I am forwarding you a copy of the letter that I sent to our Selectmen
yesterday. I think it is important that you are all aware of what is
happening in our town, because your property rights and values are going to
be directly effected by the proposed changes. Among other things, your
ability to sell your property in a timely manner, if you ever need to do it,
in many cases will be GREATLY effected. This year the Planning Board is
pushing bylaw proposals that will have a huge effect on our properties. Town
meeting is just  10 days away and it is VERY important that you know what
you will be doing to your own property rights and values if you decide to
skip that meeting. If these proposals are voted in without changes - you
WILL pay for them out of YOUR pockets one way or another.

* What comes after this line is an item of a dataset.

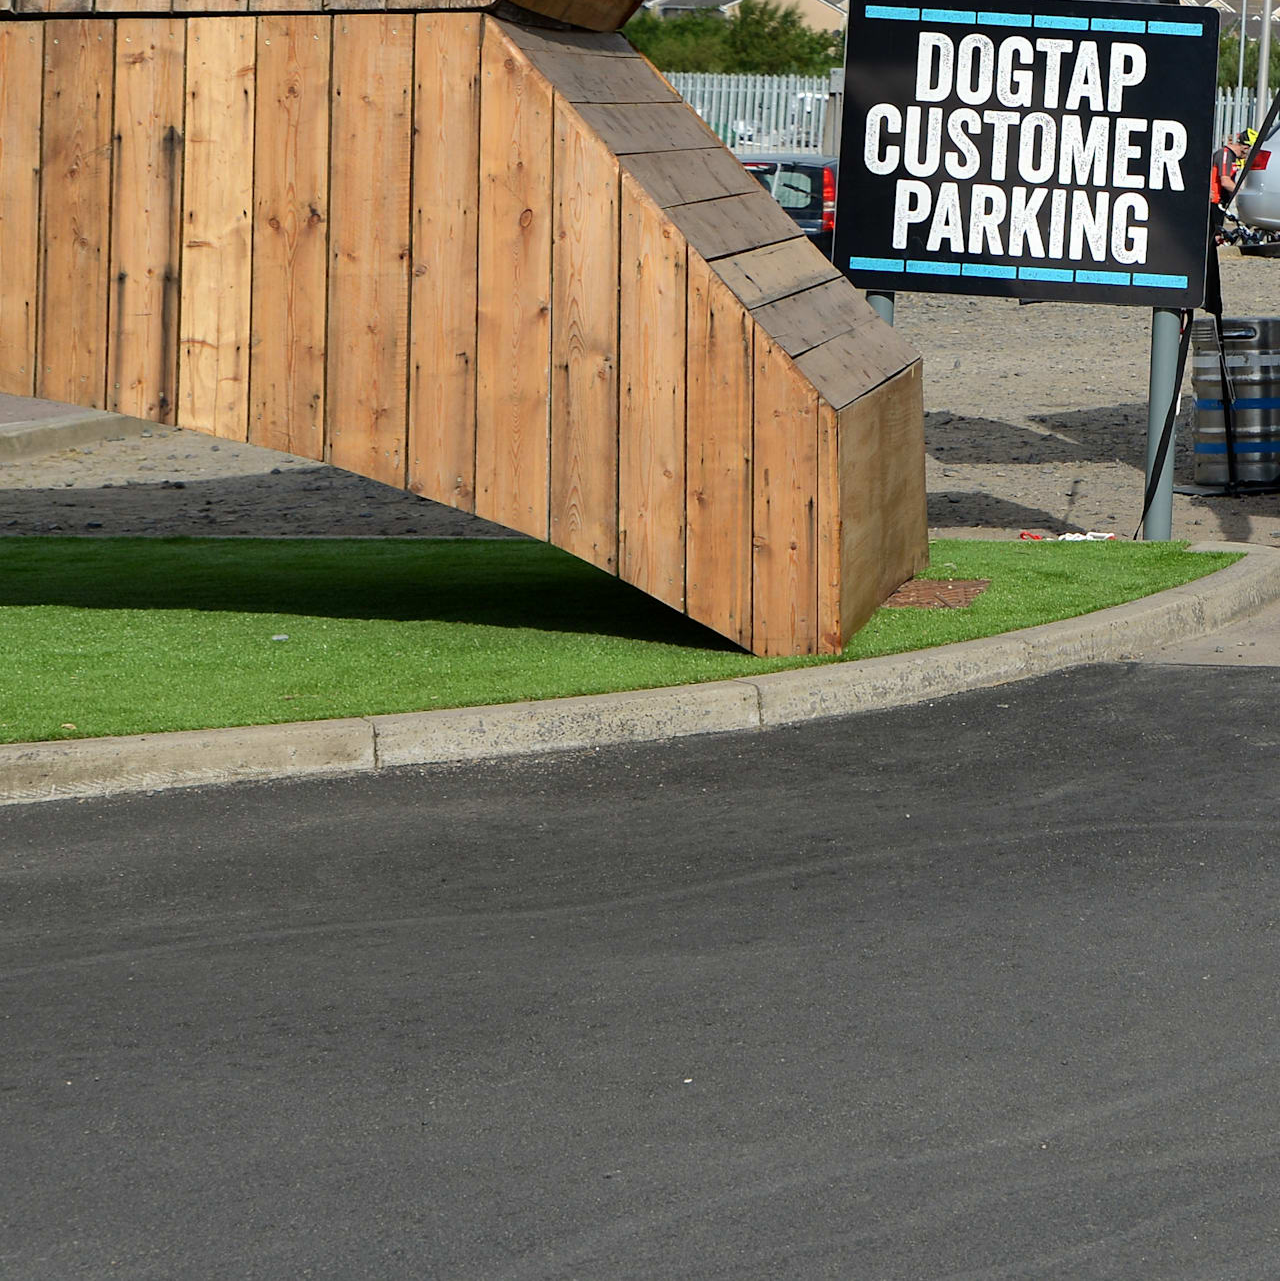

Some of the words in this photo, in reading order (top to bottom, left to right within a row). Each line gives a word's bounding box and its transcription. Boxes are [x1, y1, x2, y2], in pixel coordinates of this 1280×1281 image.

[915, 31, 1147, 113] DOGTAP
[863, 102, 1188, 192] CUSTOMER
[892, 178, 1150, 265] PARKING

Also, please read the following article in this week's Town Crier and
educate yourself.
http://www.wickedlocal.com/weston/archive/x342375816/Beware-of-zoning-proposals

 If you find the information in the article too technical or confusing -
please e-mail me your questions to oaginsky@comcast.net and I will be happy
to clarify it for you. In any case, please come to the Planning Board
hearing on May 6 at 7:30 p.m. We will be discussing some of these issues
there.

Please feel free to forward.

Your neighbor,

Olga

“Construction noise” warrant article.

http://a.wordpress.com/avatar/calhoununderground-128.jpg
Dear Selectmen,

I have some concerns for the town over the "construction noise" warrant
article.

Please consider changing this proposal back to your original idea to allow
for construction work from 7:00 a.m. to 7:00 p.m. on weekdays and from 8:00
a.m. to 5:00 p.m. on Saturdays. The current warrant language is too
restrictive and actually discriminatory against a specific industry. It also
places unnecessary financial and emotional stress on residents who are
looking to improve their properties as well as contractors who live and work
in this town (there are many).

1.       Discriminatory nature. Normally, towns have bylaws that regulate
noise. All noise. You can't let the dog bark, the lawn mower roar or the
contractor work before and after certain hours. Our bylaw is proposed, for
some reason, only against construction noise. How logical is that? What if
someone is blowing leaves at 6:30 in the morning, or is working on their own
house with a radio blasting at 9:00 p.m, or is mowing grass for 3 hours on a
Saturday starting at 7:00 a.m.? Why they are not regulated, but someone who
is trying to cover the roof before a rainstorm or repair a septic system on
a Saturday is being hand-cuffed? I consider this a form of discrimination.
Noise is noise. Ironically, construction noise is temporary, while grass
mowers and leaf blowers are forever.   

2.       Prolonged, more expensive construction process for homeowners and
neighbors. The other problem is that the less you allow people to do in one
week, the longer the entire process will be (the longer the neighbors will
have to live with it) and the more expensive each job will be to the
homeowner. 

3.       Hidden consequences.  The best contractors can choose where to
work. They stay successful by working hard, keeping themselves very busy,
and staying focused on getting the job done on time and on budget. If they
are having difficulties with over-regulation and restrictions, they will go
and work elsewhere leaving our residents with a less than qualified pool of
contractors to fill the holes. This is already happening in our town as
evidenced by projects on Glen house way and Beaver road.

4.       Unnecessary expense and emotional burden.  Scenario: It has been
raining for 4 days since Sunday. You are adding a room to part of your
house. Your contractor needs to open a side and part of the roof and connect
the old and the new. It should take about 3 solid days to make it weather
tight, assuming that there is no traffic and delivery issues and everyone
can be at the site on time...  It is Wednesday.  Finally there is a break
for 3 days and then another storm front is coming. Your contractor works as
fast as he can, but since he can't work after 5:00 p.m. or Saturday - your
project is still open to weather for Sunday's rain storm. 

Is this what we want? Until now, these over-restrictive work hours have only
been applied to new Planning Board construction for very large, expensive
projects. Applying this restriction to the entire town might sound
attractive to most residents at first, but it will eventually be felt as a
cost to them in the long run. Most of the complaints regarding construction
noise have been about the noise before 7:00 a.m. rather than noise at 5:30
p.m. or at 11:00 a.m. on a Saturday. That is the main problem to be
addressed by this bylaw, which is why I urge you to consider going back to
your original proposal for the town vote.